**What is expected:** Give back, word for word, the line that contains "Some of the words" and every line that follows it in the data below.

[Source data]
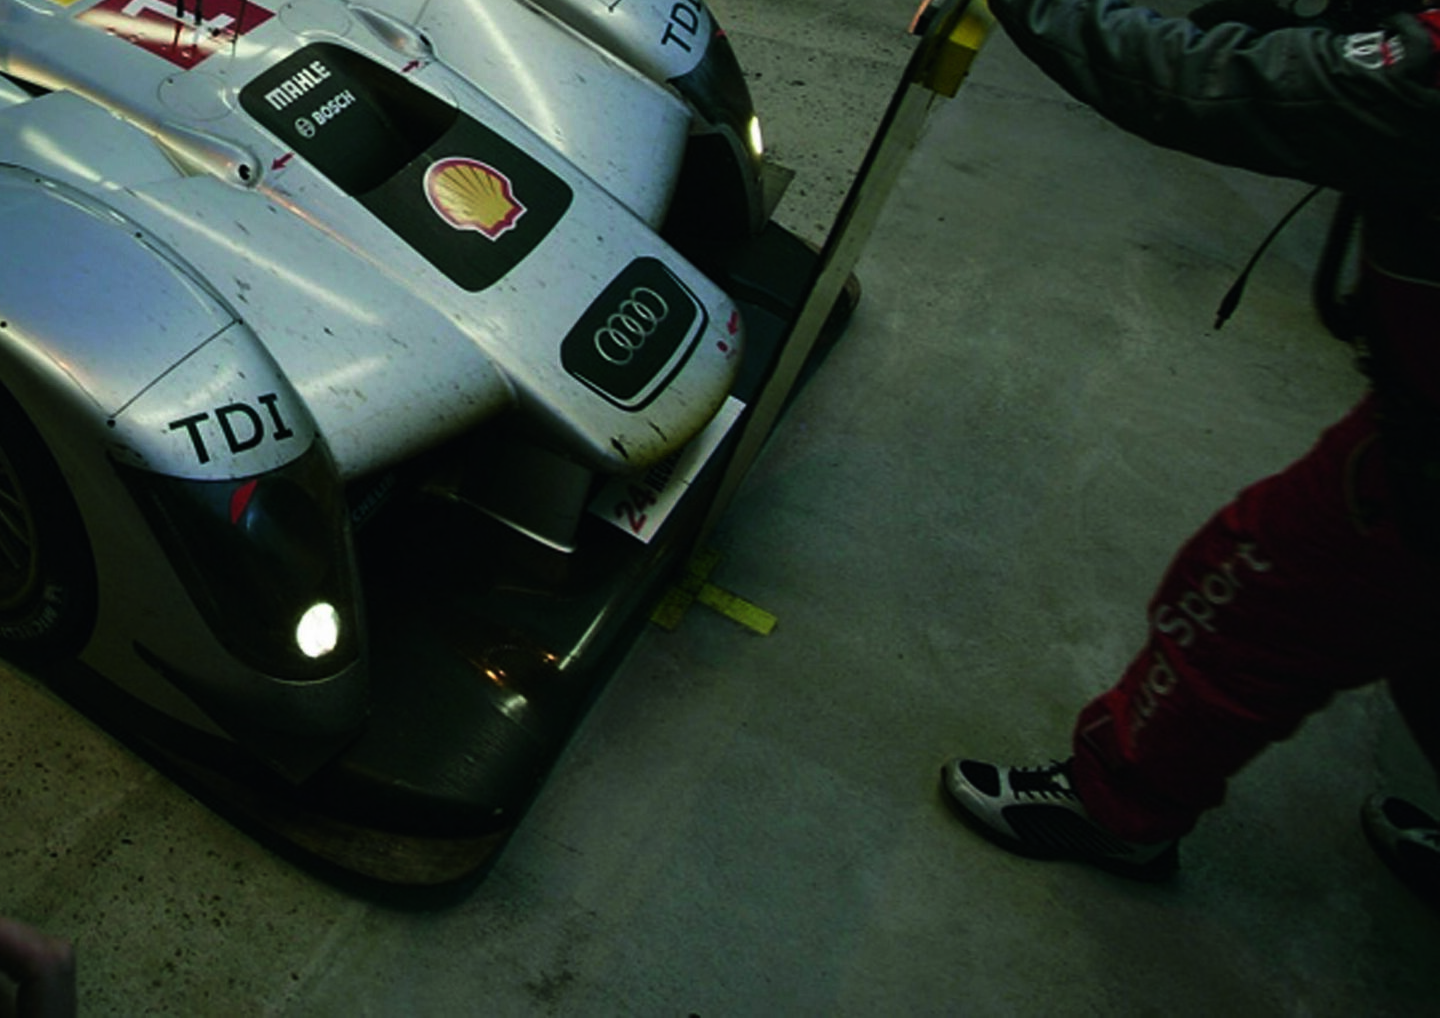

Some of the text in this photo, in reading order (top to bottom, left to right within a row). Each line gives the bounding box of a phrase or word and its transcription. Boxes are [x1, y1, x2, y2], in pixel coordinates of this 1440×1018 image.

[264, 61, 331, 111] MAHLE
[311, 89, 356, 126] BOSCH
[168, 392, 293, 464] TDI
[615, 483, 657, 534] 24
[1155, 542, 1273, 647] Sport
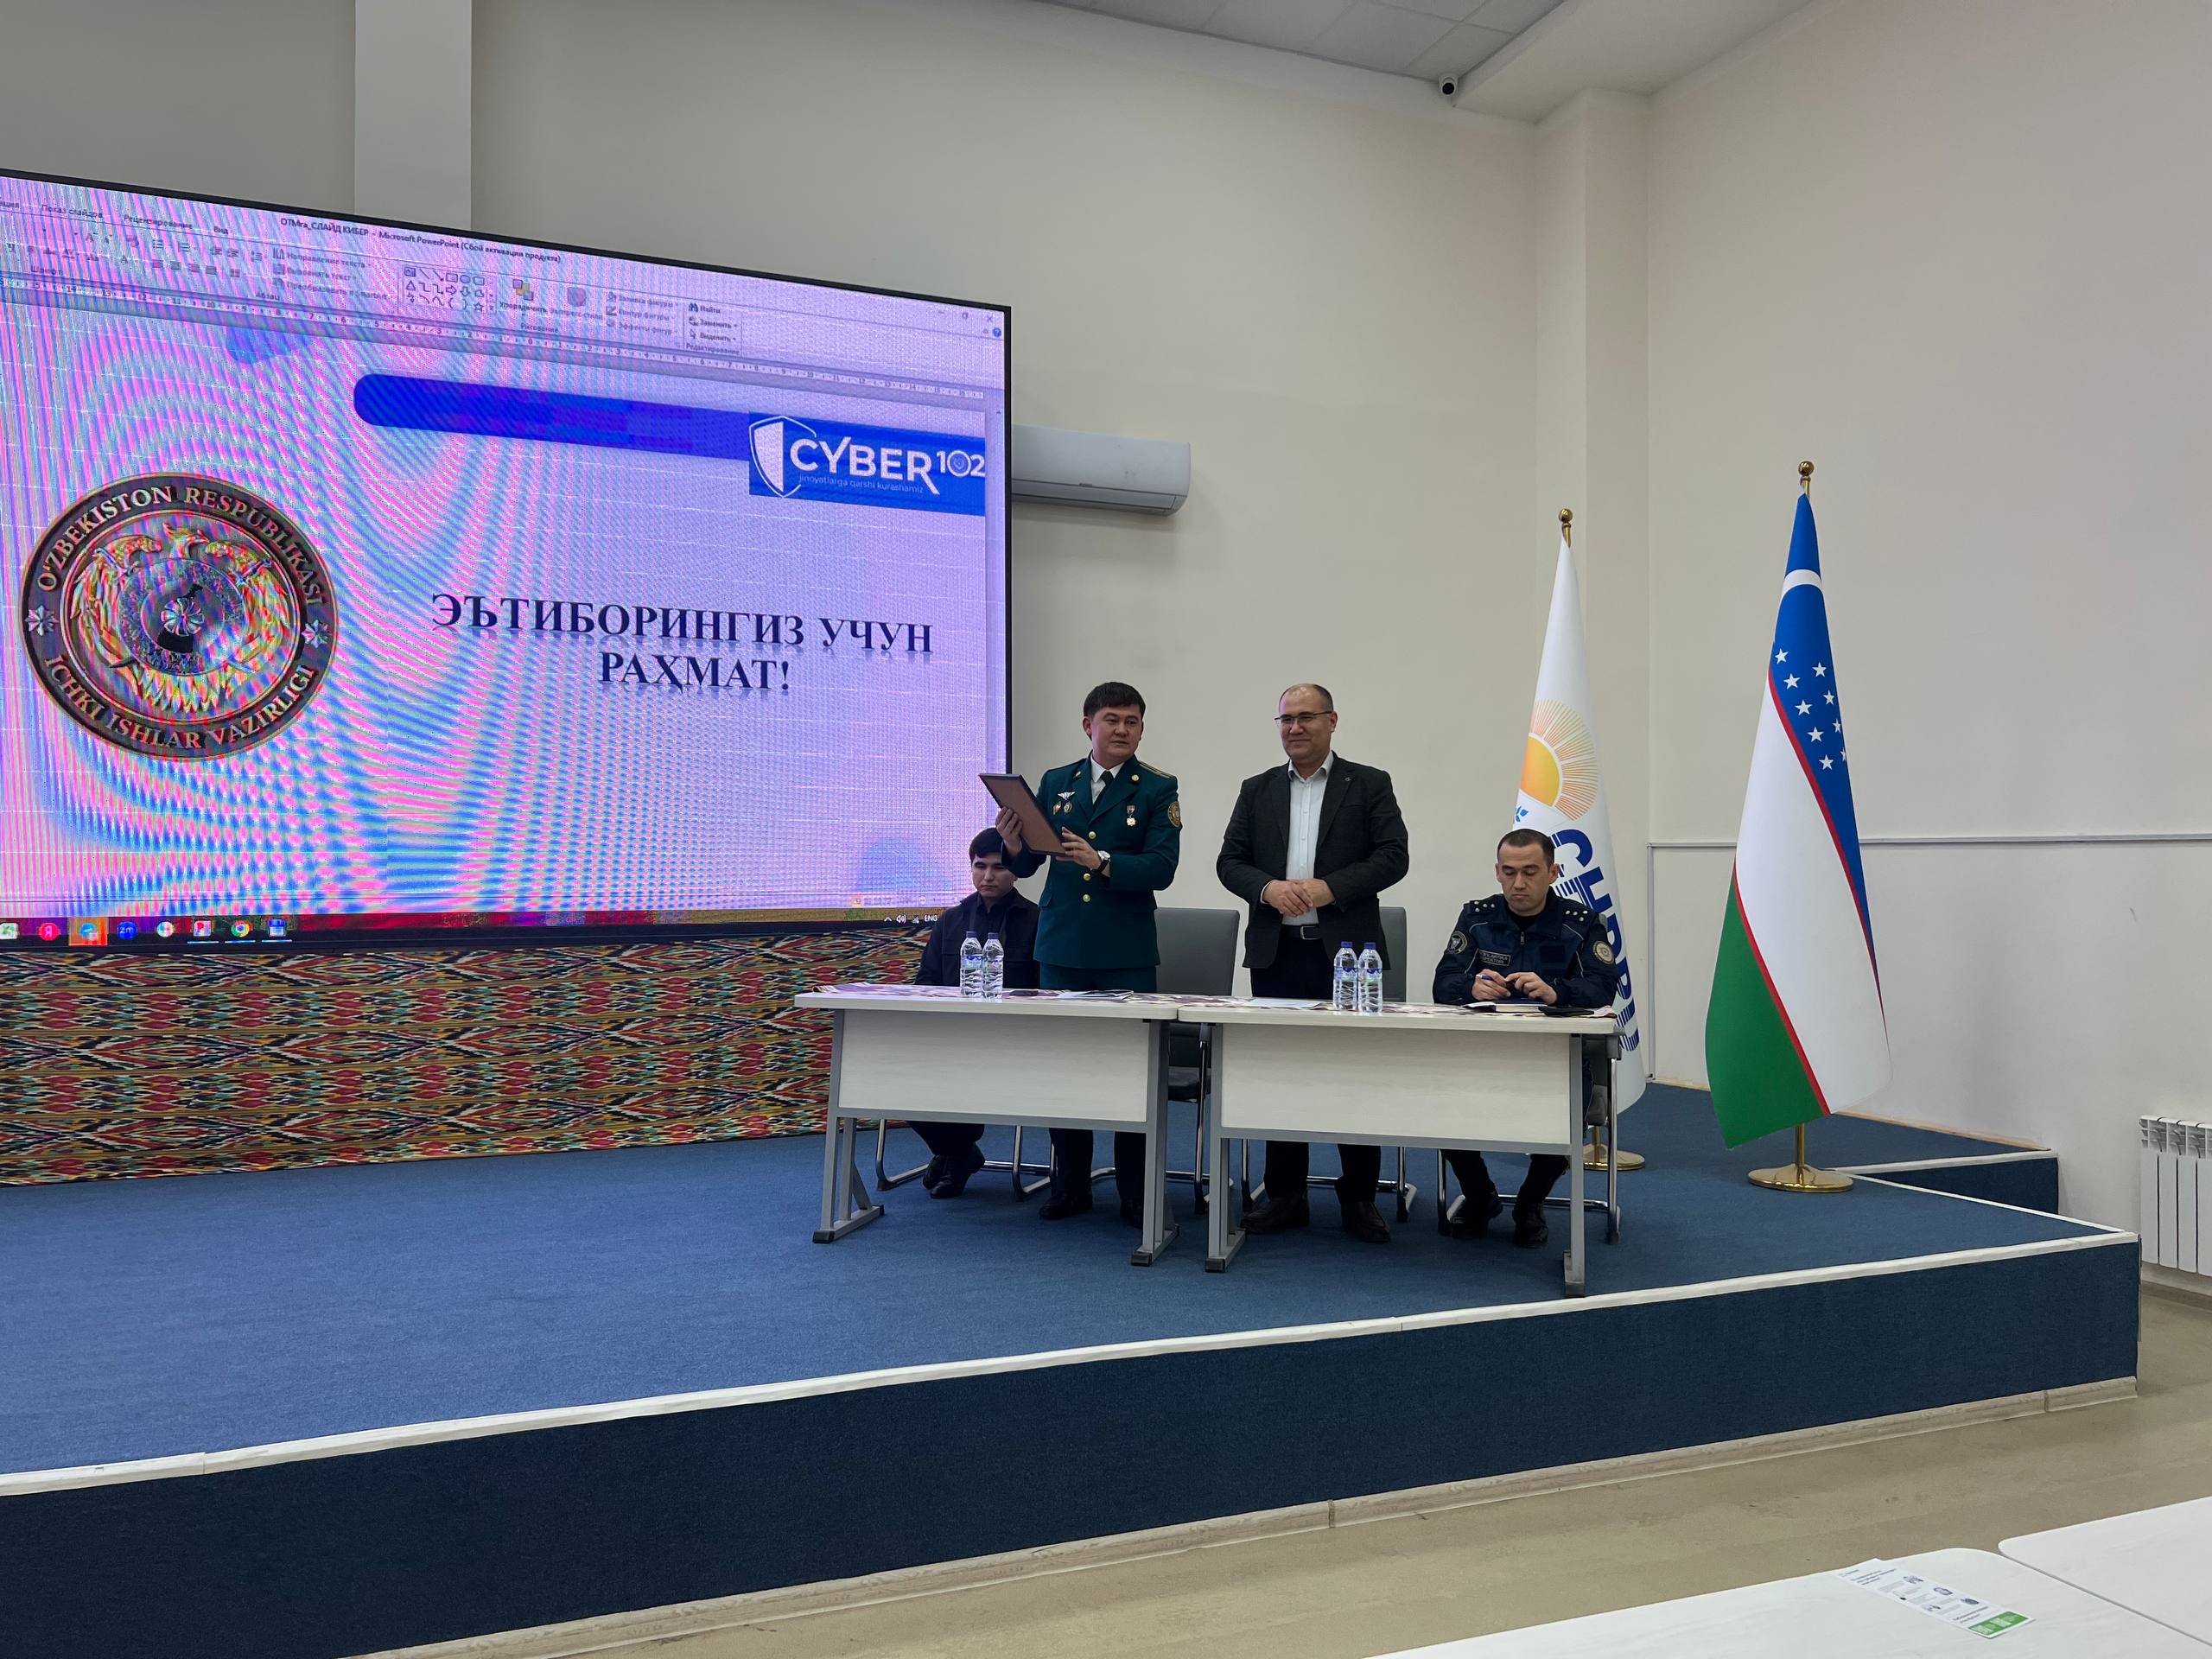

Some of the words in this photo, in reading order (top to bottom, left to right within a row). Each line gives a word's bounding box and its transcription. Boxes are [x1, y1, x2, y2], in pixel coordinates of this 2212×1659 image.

[378, 231, 416, 243] Microsoft
[416, 236, 460, 249] PowerPoint
[461, 241, 484, 252] (Сбой
[524, 252, 562, 264] продукта)
[700, 305, 721, 314] Найти
[790, 436, 940, 495] CYBER
[936, 449, 985, 477] 102
[849, 480, 875, 489] qarshi
[877, 483, 924, 493] kurashamiz
[184, 486, 324, 606] RESPUBLIKASI
[432, 593, 804, 645] ЭЪТИБОРИНГИЗ
[817, 617, 933, 652] УЧУН
[45, 654, 106, 721] ICHKI
[105, 713, 201, 749] ISHLAR
[208, 664, 315, 747] VAZIRLIGI

**Written solution:**
Some of the words in this photo, in reading order (top to bottom, left to right within a row). Each line gives a word's bounding box and its transcription. Boxes are [x1, y1, x2, y2], in pixel coordinates of this 2212×1659 image.

[378, 231, 416, 243] Microsoft
[416, 236, 460, 249] PowerPoint
[461, 241, 484, 252] (Сбой
[524, 252, 562, 264] продукта)
[700, 305, 721, 314] Найти
[790, 436, 940, 495] CYBER
[936, 449, 985, 477] 102
[849, 480, 875, 489] qarshi
[877, 483, 924, 493] kurashamiz
[184, 486, 324, 606] RESPUBLIKASI
[432, 593, 804, 645] ЭЪТИБОРИНГИЗ
[817, 617, 933, 652] УЧУН
[45, 654, 106, 721] ICHKI
[105, 713, 201, 749] ISHLAR
[208, 664, 315, 747] VAZIRLIGI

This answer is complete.